行きは列車で3時間、帰りはバスで4時間の行程です。罗平周辺は2、30kmに渡って道路沿いに菜の花畑が広がっています。特に“金鶏峰”はすり鉢を逆さにしたような小山が地平線まで続いて点在する地形で実に素晴らしい景色を見ることができました。此処の民宿に泊まり、朝早く山腹にあるお寺まで登って日の出と景色を楽しむことも出来ました。また、“牛街”という地区の山間部に開けた棚田の田螺田(螺蛳)と呼ばれる場所では、円形の幾何学模様をした珍しい景観で、何れも中国ならではの景色です。5月には菜種を収穫し、その後は米と煙草を植えるそうです。少数民族もいますが、菜種農家は漢族が多いようで、民宿をしたり、土産を売ったりで、のんびりとした裕福な土地柄でした。

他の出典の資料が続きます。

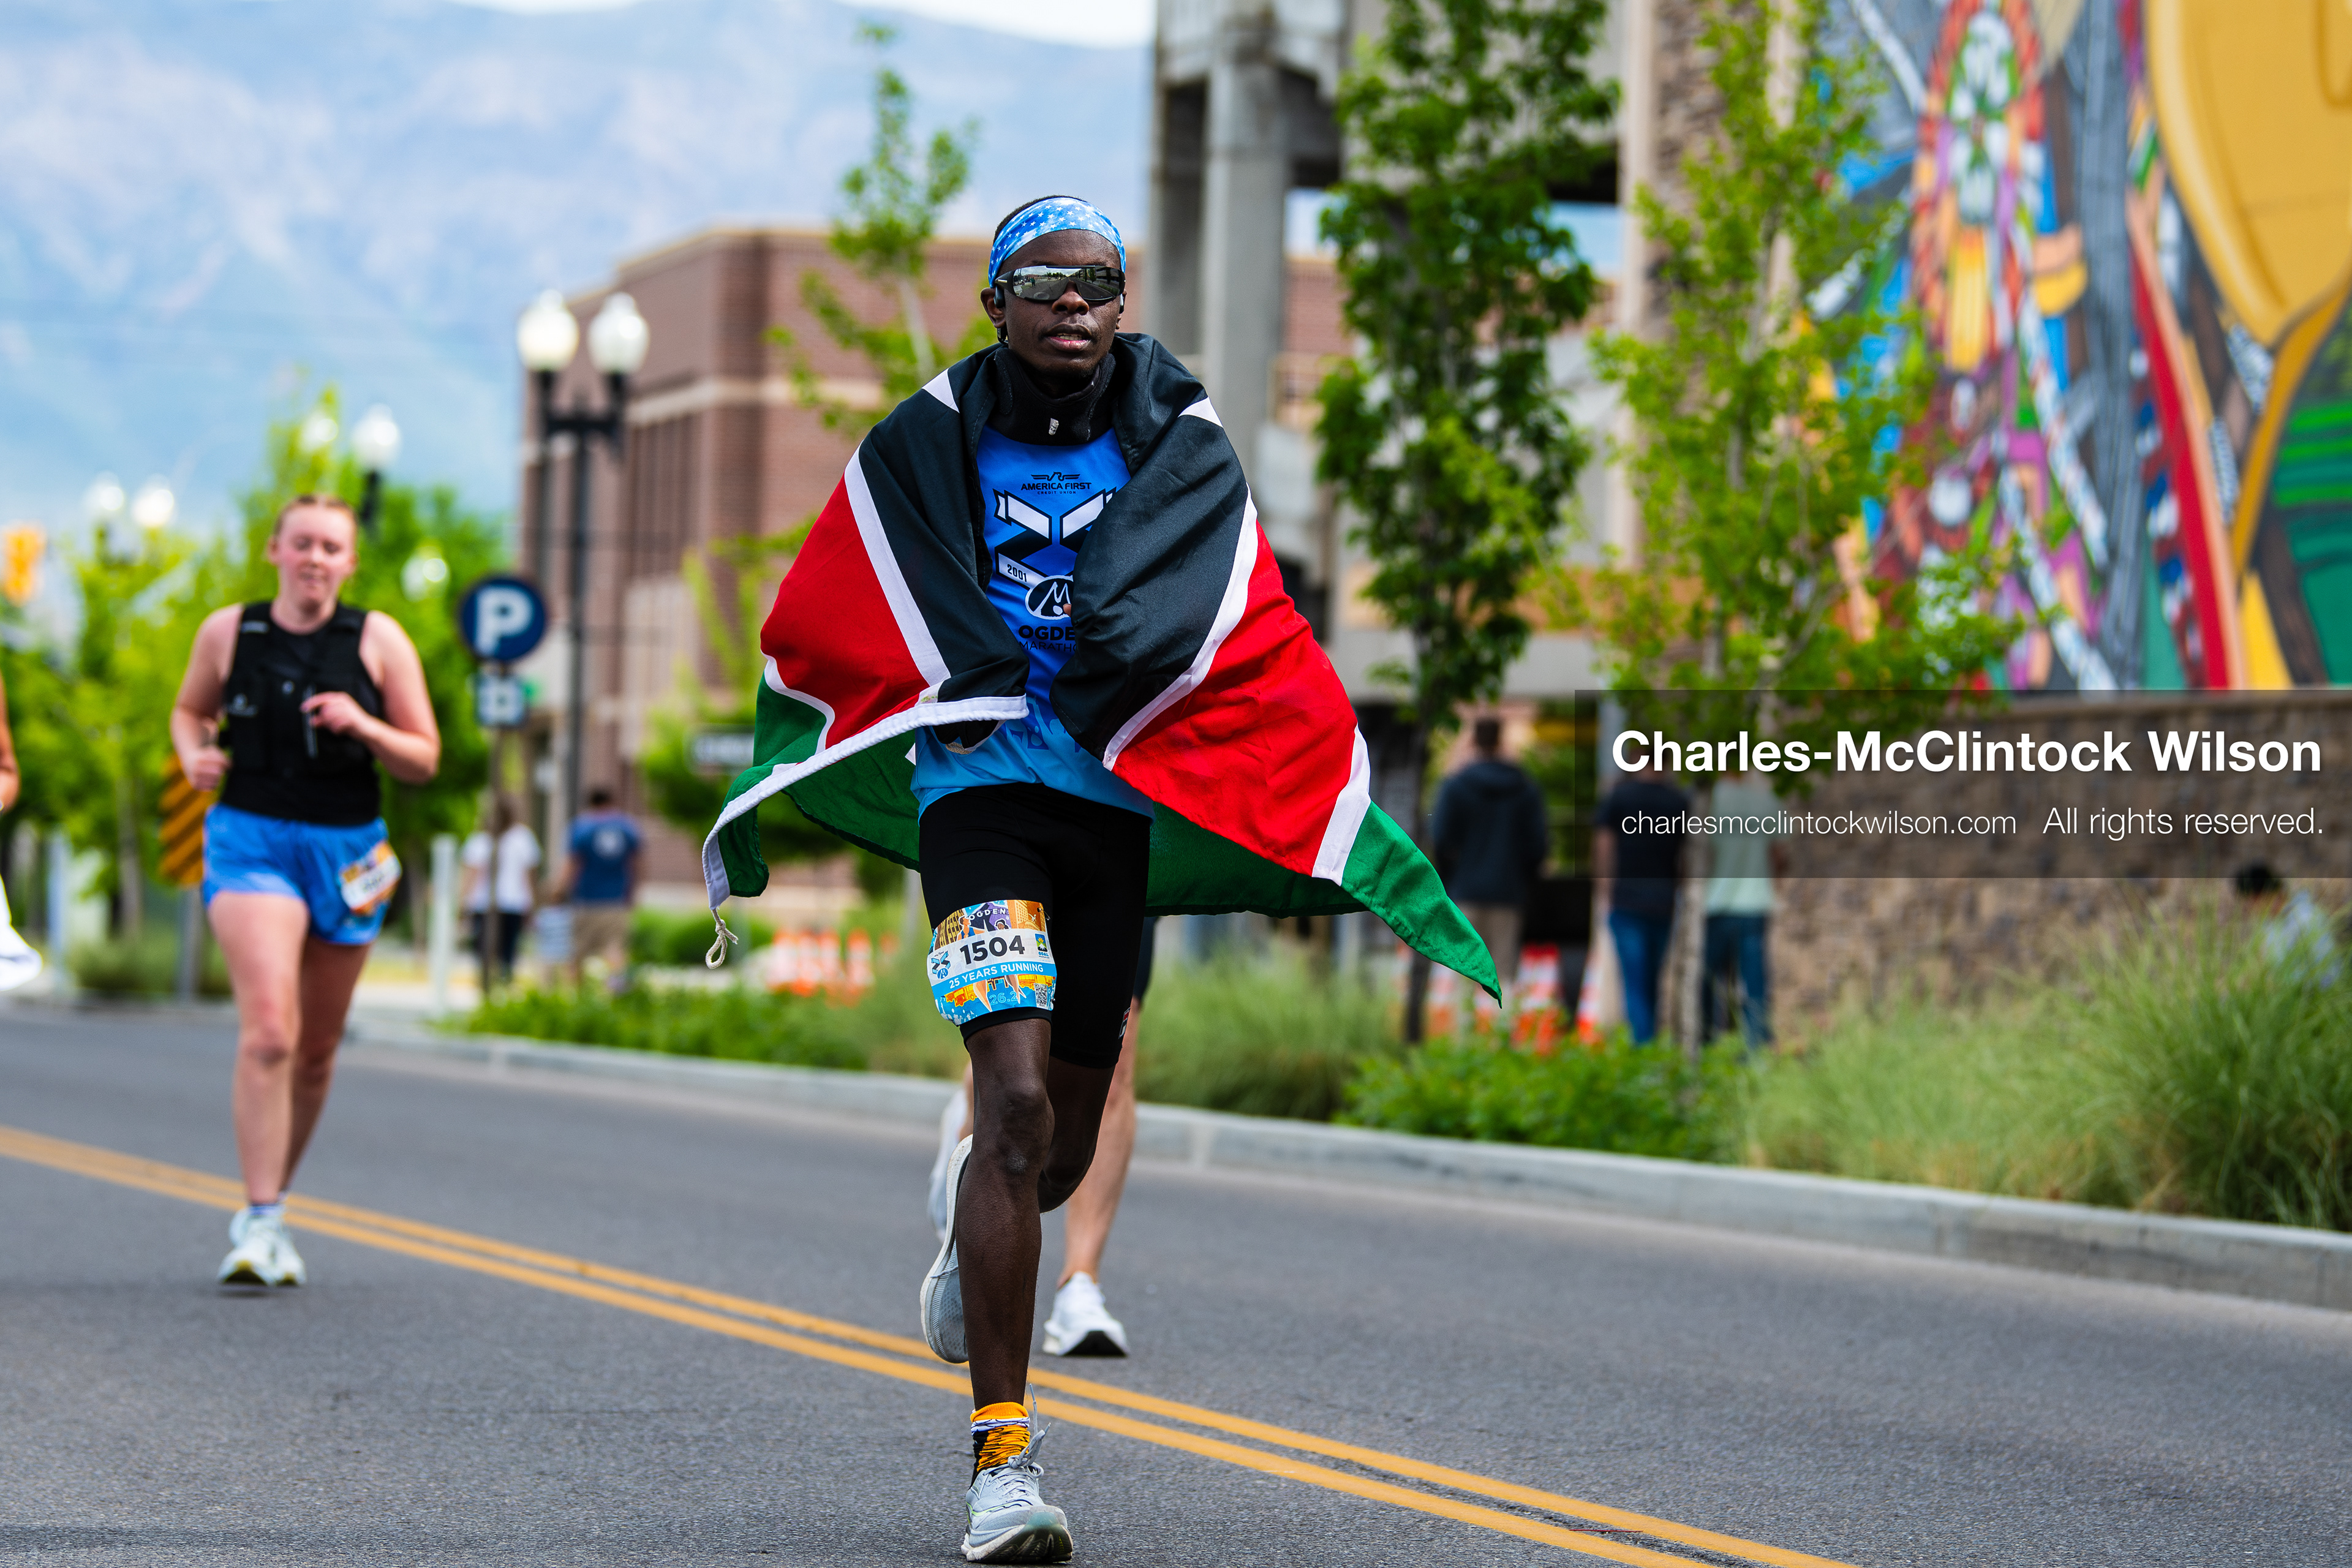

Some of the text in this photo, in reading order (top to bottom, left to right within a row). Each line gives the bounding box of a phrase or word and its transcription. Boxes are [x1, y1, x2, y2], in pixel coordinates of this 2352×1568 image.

元阳は昆明の南約320kmで、哈尼族彝族(ハニ族イ族)自治州の中心に位置し、住民は哈尼族彝族が多く、ベトナム国境に隣接する地域です。元阳へは昆明南部客运站からの直行バスが有りますが、清明節の連休で当日売りが無く、行きも帰りも“建水”乗換えで、片道8時間の所要時間です。
棚田は130平方キロの規模に及び、標高1450mから2150mに渡って連なり、大きなところでは5000段に及ぶといわれています。棚田は自治州の広い範囲に広がっていますが、雄大な景観が望めるのは、元阳から更にタクシーで1時間ほど行った辺境な農村地帯です。今の時期は田に水を張っていますので、遠くから見るとステンドクラスのような模様が空の変化に連れて変わり、実に不思議な光景でした。
現在世界自然遺産に登録中ということで、道路の拡幅工事が行われていましたが、農地は急峻な地形で機械が入りにくく、人手と水牛で田を耕しています。山腹の上の方には未だ水を張っていないところが多くあり、渇水と労力不足の両方によるものではないかと想像しました。
 棚田の歴史は1000年以上前に遡ることができるそうです。急速な経済発展が続く中国の、多くの中国人観光客が押し寄せてくる中で、オートバイも車も持たず、綺麗な民族服を着て昔ながらの重労働の農作業をやっている哈尼族は、何時までこの生活を続けられるのだろうかと、一寸心配になりました。

 元阳の帰りも昆明までの直行バスが取れず、“建水”経由でした。しかも4時間待ちでした。建水という街の名前は聞いていたのですが、どの様な街か判らず余り関心が無かったのですが、1200年以上の元代からの歴史を持つ古い街で、雲南南部の政治、軍事、経済、文化の中心地として栄えて来たようです。雲南の街としては漢族の割合が多く、街の中心部には古い建物が残っています。
どこかで見たような建物や街並みがあり、“朝陽楼”といわれる城門は、天安門より30年ほど前に建てられています。豪族の屋敷後である“朱家花園”の近くの通りは150年以上前の建物に今も人が住み商売をしています。北京の瑠璃廠に似た雰囲気の通りです。また、孔廟は規模や保存状態から山東省の孔廟に次ぐと評価されているそうです。
帰りに一寸寄っただけでしたが、何となく得をした気分です。機会が有れば、改めて2、3日かけて見ても良い場所です。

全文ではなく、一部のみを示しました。